Mi rendo conto che a molte persone brucia che una donna gli dia una pista, ma a me non interessa, non sto lì a rimarcarlo. Mi basta saperlo io. Il mio socio continua a ripetermi che Verde Pistacchio non sarebbe lo stesso senza di me e mi sostiene tantissimo, il resto non conta.

Nella mia carriera lavorativa, in altri posti, ho dovuto sgomitare di più perchè donna. Ho lavorato in un ristorante dove non c’era spogliatoio maschile o femminile, era solo maschile, ed io mi dovevo cambiare insieme ai miei colleghi. A me non importa e non è importato, l’anatomia umana è quello che è, ma a posteriori mi rendo conto di quanto fosse ingiusto mettermi in quella situazione. Al tempo non mi sembrava neanche una cosa assurda, avevo 23 anni e stavo iniziando una nuova avventura, volevo dimostrare che ce la potevo fare. I miei colleghi uscivano per farmi cambiare, avevano rispetto.

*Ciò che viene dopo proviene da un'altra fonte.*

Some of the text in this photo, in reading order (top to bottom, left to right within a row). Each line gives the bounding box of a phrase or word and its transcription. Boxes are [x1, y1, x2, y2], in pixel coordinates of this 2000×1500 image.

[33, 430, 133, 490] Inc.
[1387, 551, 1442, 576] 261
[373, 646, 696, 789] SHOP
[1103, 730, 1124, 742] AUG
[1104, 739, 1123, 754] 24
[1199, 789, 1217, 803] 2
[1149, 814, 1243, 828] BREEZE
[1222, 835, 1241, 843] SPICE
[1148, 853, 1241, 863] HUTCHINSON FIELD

Nel tempo ho capito che certe cose non devono essere accettate, che era sbagliato il principio. Per fortuna però ho sempre lavorato con persone fantastiche. 

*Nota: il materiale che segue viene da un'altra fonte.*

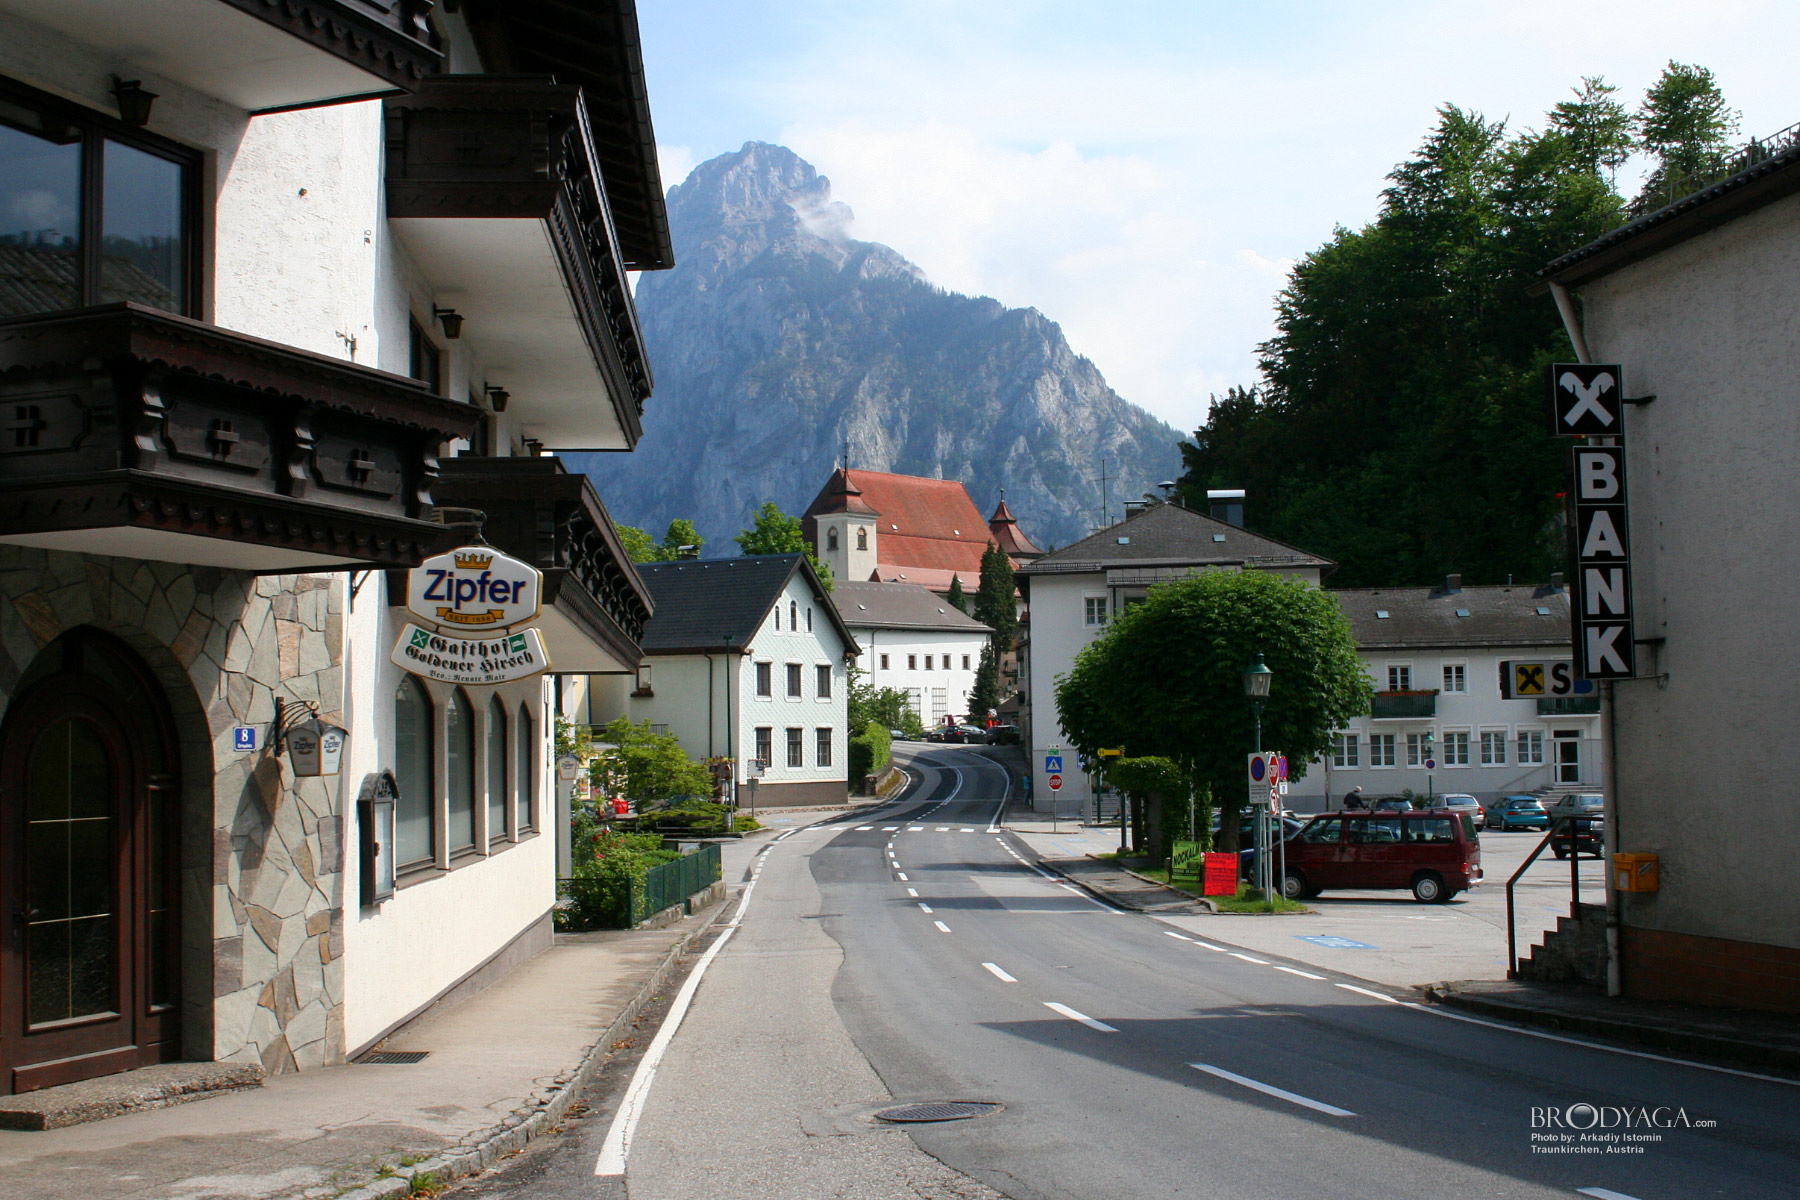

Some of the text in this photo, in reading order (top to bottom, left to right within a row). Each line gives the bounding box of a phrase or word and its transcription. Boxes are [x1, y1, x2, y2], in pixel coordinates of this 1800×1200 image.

[1579, 452, 1629, 673] BANK
[423, 569, 526, 609] Zipfer
[405, 645, 534, 674] Goldener Hirsch
[241, 728, 249, 742] 8
[1270, 764, 1278, 777] STOP

Camilla Pistacchi, il piacere del convivio

Camilla c’è uno chef che ha ispirato il tuo percorso in cucina?

Non ce n’è uno in particolare perchè mi piace la cucina etnica. Prendo spunto da Instagram. 

C’è stato un collega, Guido, che mi ha forgiato a livello umano, però non ho chef particolari che mi hanno ispirato. Non mi è mai interessata la cucina a 5 stelle. Forse è una mia pecca, ma sono poco competitiva. Per me la cosa più importante è la socialità a tavola, fare felici i miei ospiti.

A casa cucini o quando torni non vuoi vedere le pentole neanche da lontano?

Cucino solo per i miei amici, per la mia famiglia no. Quando ho amici a cena o mi vengono a trovare in campagna mi piace molto mettermi ai fornelli.